The biggest transformation wrought by the rain is in the Woolsey Fire burn scar, where new growth is covering blackened hillsides with vibrant green, and the promise of rarely seen fire followers, herbaceous flowering plants that are only abundant after a wildfire.

“We are expecting a very good showing because of the fire,” said Mark Mendelsohn, a National Park Service (NPS) biologist at Santa Monica Mountains National Recreation Area (SMMNRA).

Mendelsohn is part of a team of biologists monitoring the new growth. They’ve even created a hashtag so the public can keep up with developments:  #WildflowerWatch2019.
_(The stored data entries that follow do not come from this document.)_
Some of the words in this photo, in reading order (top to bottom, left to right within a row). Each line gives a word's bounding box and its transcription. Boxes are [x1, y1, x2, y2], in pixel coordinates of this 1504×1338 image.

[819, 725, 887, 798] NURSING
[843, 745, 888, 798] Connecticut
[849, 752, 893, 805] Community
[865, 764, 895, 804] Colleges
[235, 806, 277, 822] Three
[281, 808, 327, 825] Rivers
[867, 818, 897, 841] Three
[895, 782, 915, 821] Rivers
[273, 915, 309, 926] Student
Mendelsohn and his colleagues will be looking for more than a hundred species of fire followers. In some areas the first flowers are already appearing, despite the cold spell.

In December, the Messenger Mountain News accompanied Mendelsohn into upper Trancas Canyon, an area so hard hit by the fire that it resembled the surface of Mars. More than 14 inches of rain later, the blackened oak trees in that canyon are beginning to re-sprout, and patches of the canyonside are carpeted in ethereal pink shooting star flowers (Primula clevelandii), and dense mats of tiny, sweet-scented wild cucumber flowers (Marah macrocarpus).
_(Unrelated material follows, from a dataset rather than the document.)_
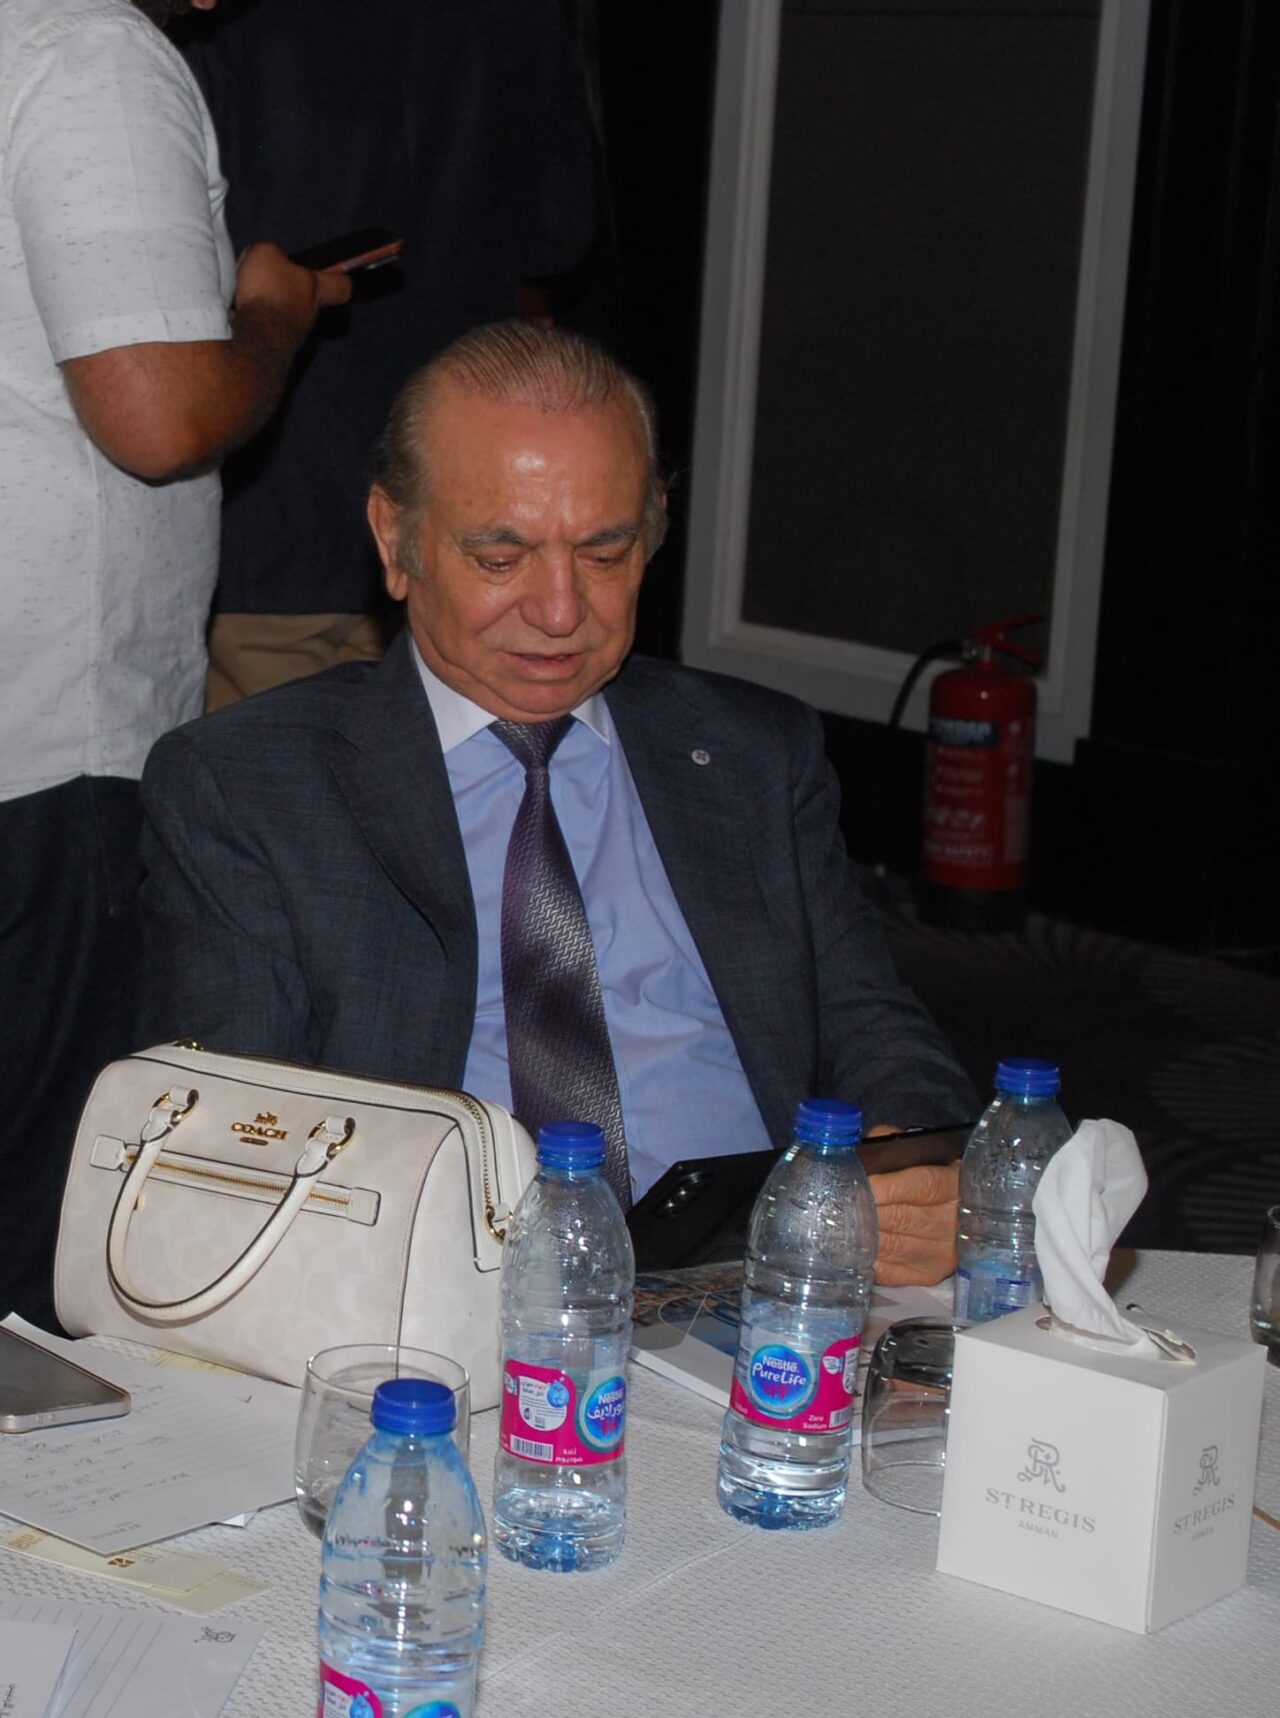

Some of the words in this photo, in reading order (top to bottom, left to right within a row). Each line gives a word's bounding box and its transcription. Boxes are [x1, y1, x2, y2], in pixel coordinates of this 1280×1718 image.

[231, 1122, 287, 1140] COACH
[1019, 1497, 1096, 1533] REGIS
[1192, 1493, 1236, 1526] REGIS
[1018, 1520, 1059, 1539] AMMAN
Flowers to look for in the burn area as spring progresses include fields of California poppies and lupines, along with other annual wildflowers like clarkia, larkspur, gold fields, ground pinks, and owl clover.

Rarer flowers—like mariposa lilies, and true fire followers, like California Canterbury bells and fire poppies—flowers with seeds that can lie dormant in the soil for decades waiting for the first rains following a wildfire to germinate—are also expected to appear.
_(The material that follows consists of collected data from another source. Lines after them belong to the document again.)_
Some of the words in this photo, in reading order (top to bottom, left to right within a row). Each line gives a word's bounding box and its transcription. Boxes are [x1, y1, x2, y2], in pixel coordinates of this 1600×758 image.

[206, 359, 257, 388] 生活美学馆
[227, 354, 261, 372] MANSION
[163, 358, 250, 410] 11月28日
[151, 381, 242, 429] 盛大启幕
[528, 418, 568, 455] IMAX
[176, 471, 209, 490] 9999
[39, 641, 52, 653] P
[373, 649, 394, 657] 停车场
The true fire followers take advantage of the absence of large shrubs and trees following a fire. Species like bush poppy (Dendromecon rigida) and wooly blue curls (Trichostema lanatum) spring up after the annual flowers have bloomed following a fire and before the chaparral shrubs and trees recover. They grow and bloom for only few years—until they are pushed out by the recovering shrubs—depositing seeds in the soil that will not germinate until after the next cycle of fire.

“Woodlands and shrub lands were hit hard by the fire,” NPS spokesperson Ana Cholo reports. “In some cases, all above-ground plant matter was consumed.”

NPS biologists are monitoring oaks and sycamores in the the burn scar and watching for signs of regrowth. By the end of the spring growing season they will have a better idea how many trees will recover, and how many were killed by the fire.

“We should see some kind of response from them,” said John Tiszler, a supervisory plant biologist who has worked at SMMNRA for 22 years. “Even if we see resprouting, it doesn’t necessarily mean the tree will recover. They don’t always make it in the long run. After the Springs Fire, a number of oak trees initially re-sprouted, but they ultimately didn’t make it.”

Many chaparral trees and shrubs are already showing signs of regrowth, including laurel sumac, scrub oak, and mountain mahogany. All three species can re-sprout from deep roots. Other species regrow from seed.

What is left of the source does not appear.